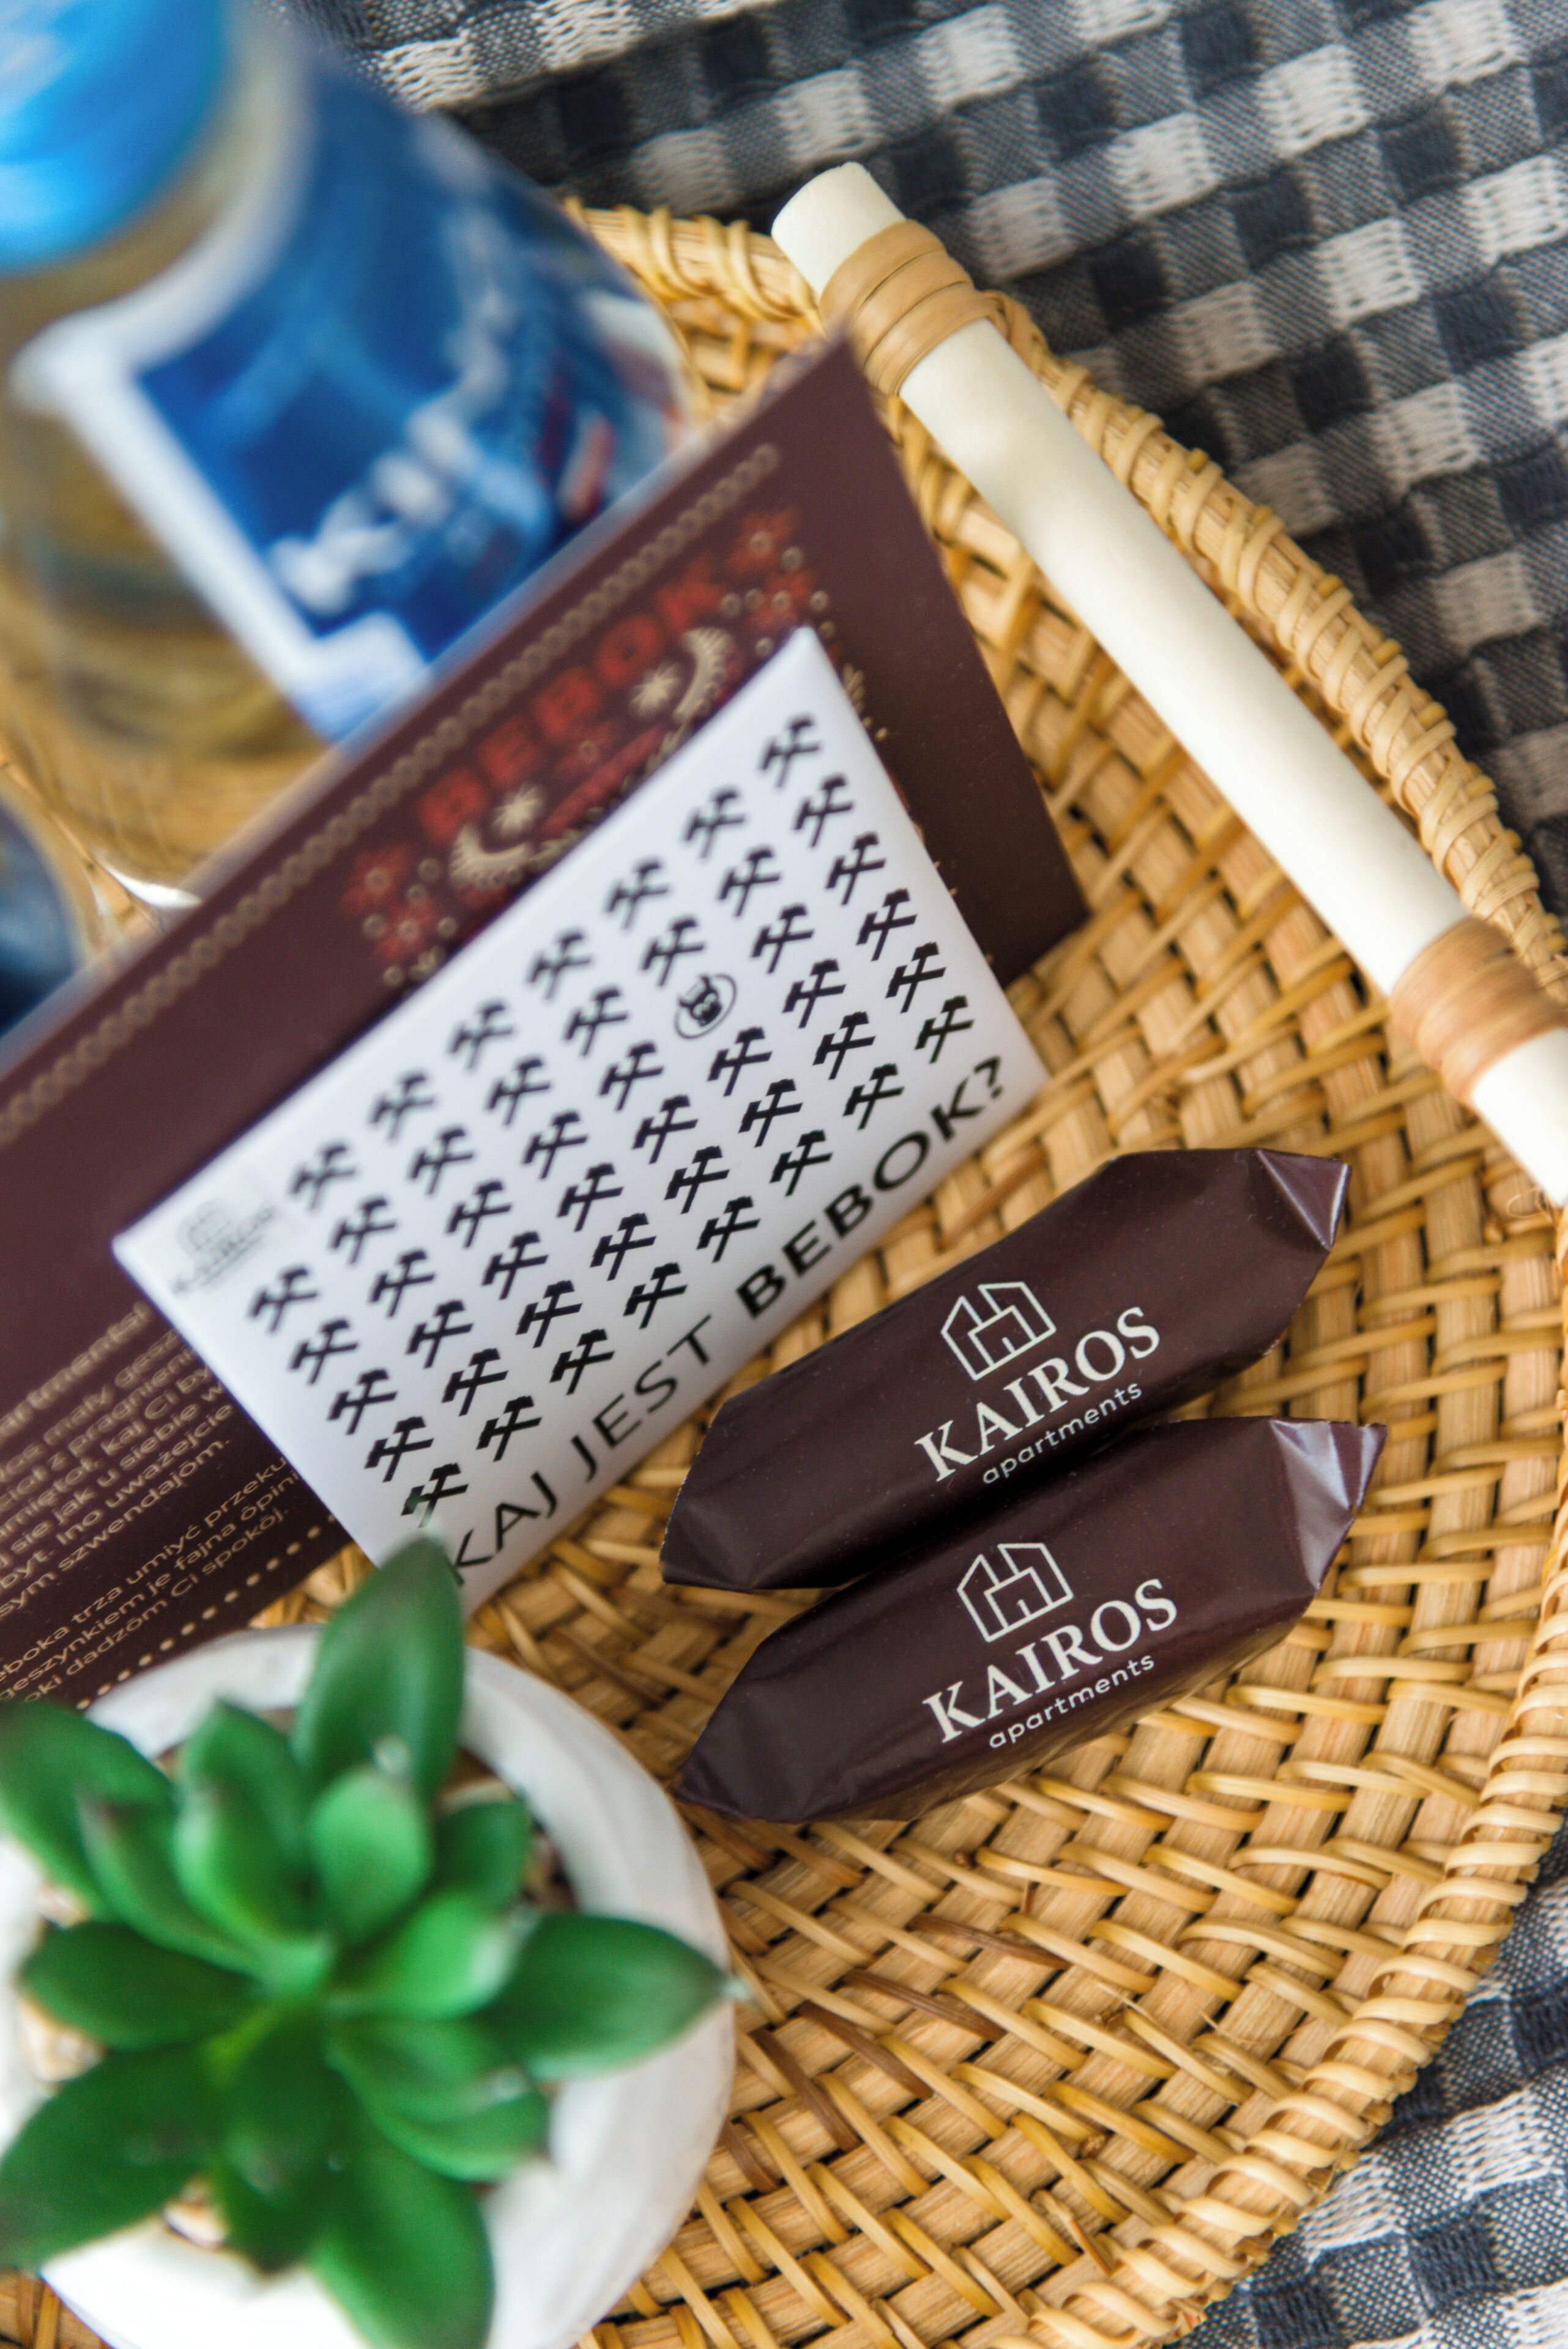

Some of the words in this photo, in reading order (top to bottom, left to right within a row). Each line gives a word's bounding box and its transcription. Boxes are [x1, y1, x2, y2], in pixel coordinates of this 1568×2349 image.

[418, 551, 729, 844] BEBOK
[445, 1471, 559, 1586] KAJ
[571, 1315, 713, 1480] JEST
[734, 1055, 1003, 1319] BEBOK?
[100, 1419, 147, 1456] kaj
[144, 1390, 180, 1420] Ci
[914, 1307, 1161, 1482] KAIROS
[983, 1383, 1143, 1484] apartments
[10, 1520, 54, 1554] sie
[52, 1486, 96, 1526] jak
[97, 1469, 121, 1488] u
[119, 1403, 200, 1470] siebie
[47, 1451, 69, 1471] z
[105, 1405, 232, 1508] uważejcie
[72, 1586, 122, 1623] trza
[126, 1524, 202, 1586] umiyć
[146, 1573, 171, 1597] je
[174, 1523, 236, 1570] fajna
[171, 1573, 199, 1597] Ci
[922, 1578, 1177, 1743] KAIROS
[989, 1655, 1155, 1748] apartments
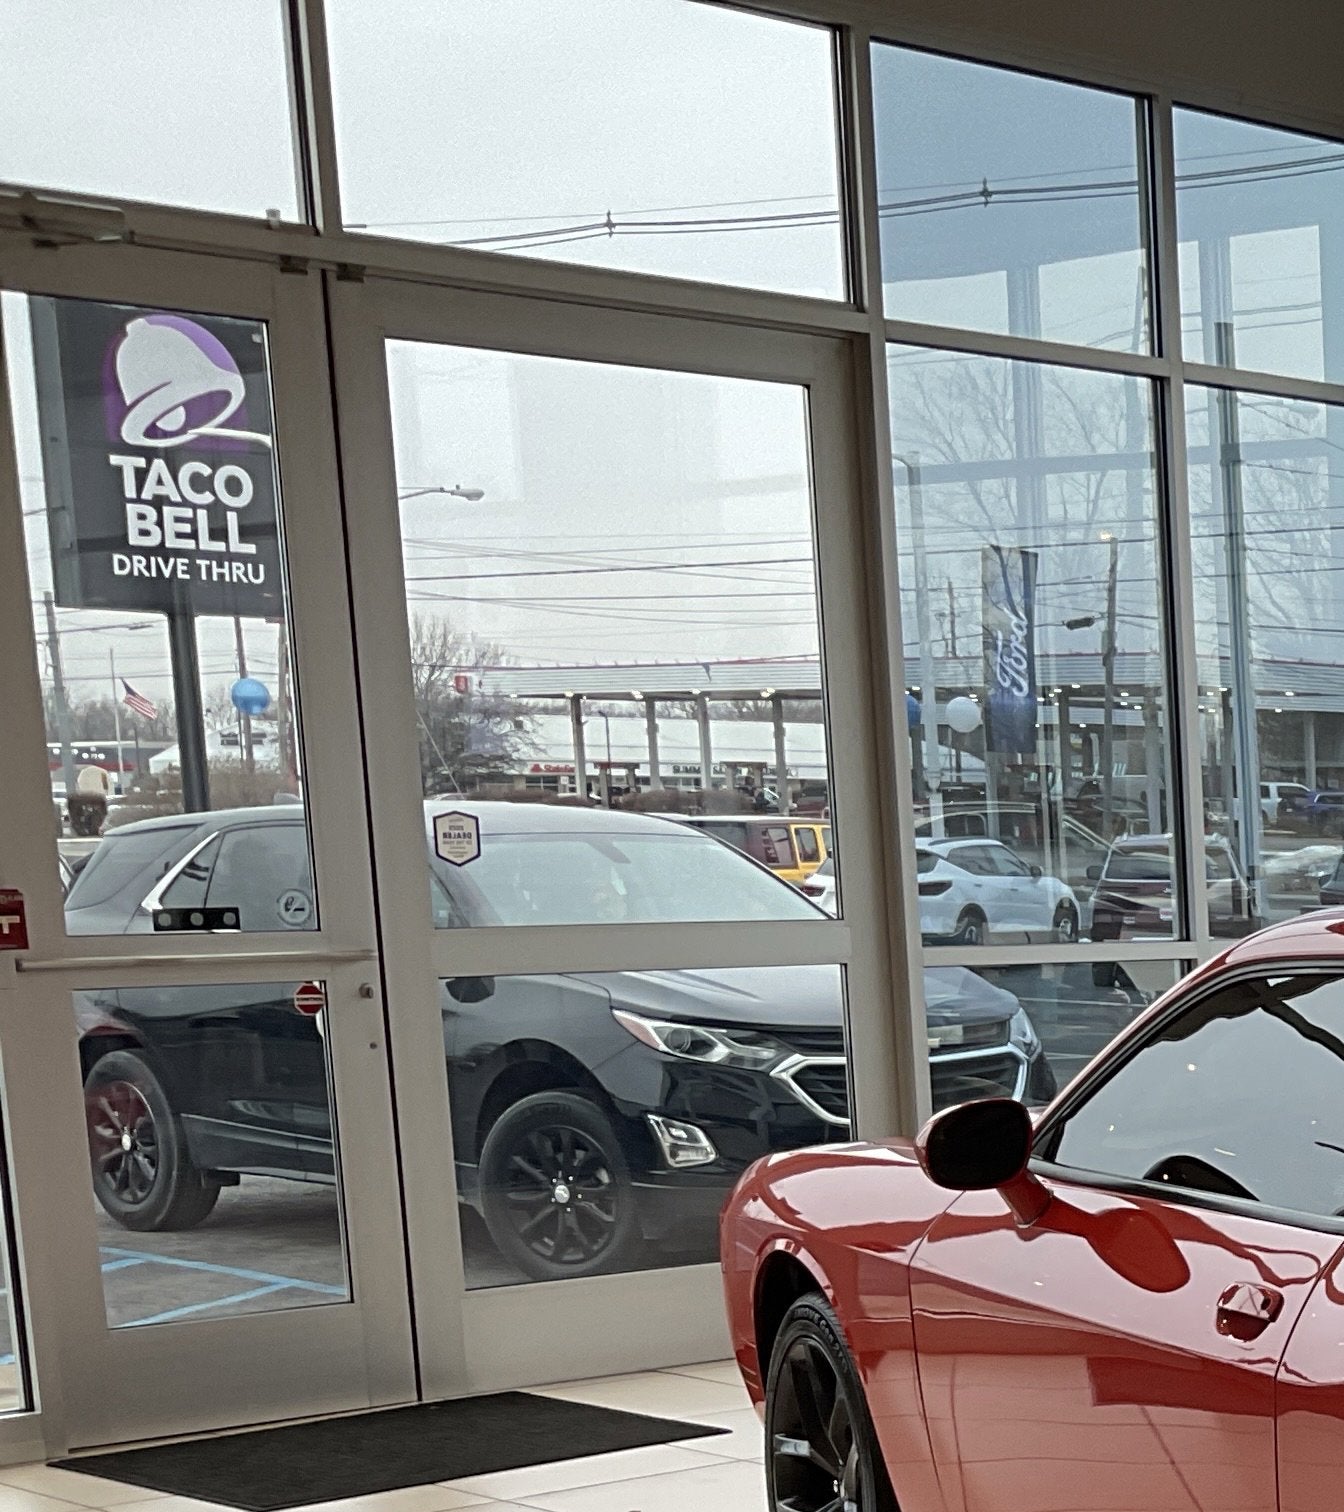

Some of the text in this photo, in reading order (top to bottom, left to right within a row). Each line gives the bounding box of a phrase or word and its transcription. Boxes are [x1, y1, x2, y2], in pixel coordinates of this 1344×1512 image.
************
*AIM OF THE EXERCISE:*
Dropping every picture, restate the material word for word.

*ANSWER SPACE:*
Some of the words in this photo, in reading order (top to bottom, left to right within a row). Each line gives a word's bounding box and its transcription. Boxes are [x1, y1, x2, y2], in pixel coordinates of this 1568×2349 image.

[418, 551, 729, 844] BEBOK
[445, 1471, 559, 1586] KAJ
[571, 1315, 713, 1480] JEST
[734, 1055, 1003, 1319] BEBOK?
[100, 1419, 147, 1456] kaj
[144, 1390, 180, 1420] Ci
[914, 1307, 1161, 1482] KAIROS
[983, 1383, 1143, 1484] apartments
[10, 1520, 54, 1554] sie
[52, 1486, 96, 1526] jak
[97, 1469, 121, 1488] u
[119, 1403, 200, 1470] siebie
[47, 1451, 69, 1471] z
[105, 1405, 232, 1508] uważejcie
[72, 1586, 122, 1623] trza
[126, 1524, 202, 1586] umiyć
[146, 1573, 171, 1597] je
[174, 1523, 236, 1570] fajna
[171, 1573, 199, 1597] Ci
[922, 1578, 1177, 1743] KAIROS
[989, 1655, 1155, 1748] apartments

Some of the text in this photo, in reading order (top to bottom, left to right within a row). Each line gives the bounding box of a phrase or word and its transcription. Boxes are [x1, y1, x2, y2], in pixel coordinates of this 1344×1512 image.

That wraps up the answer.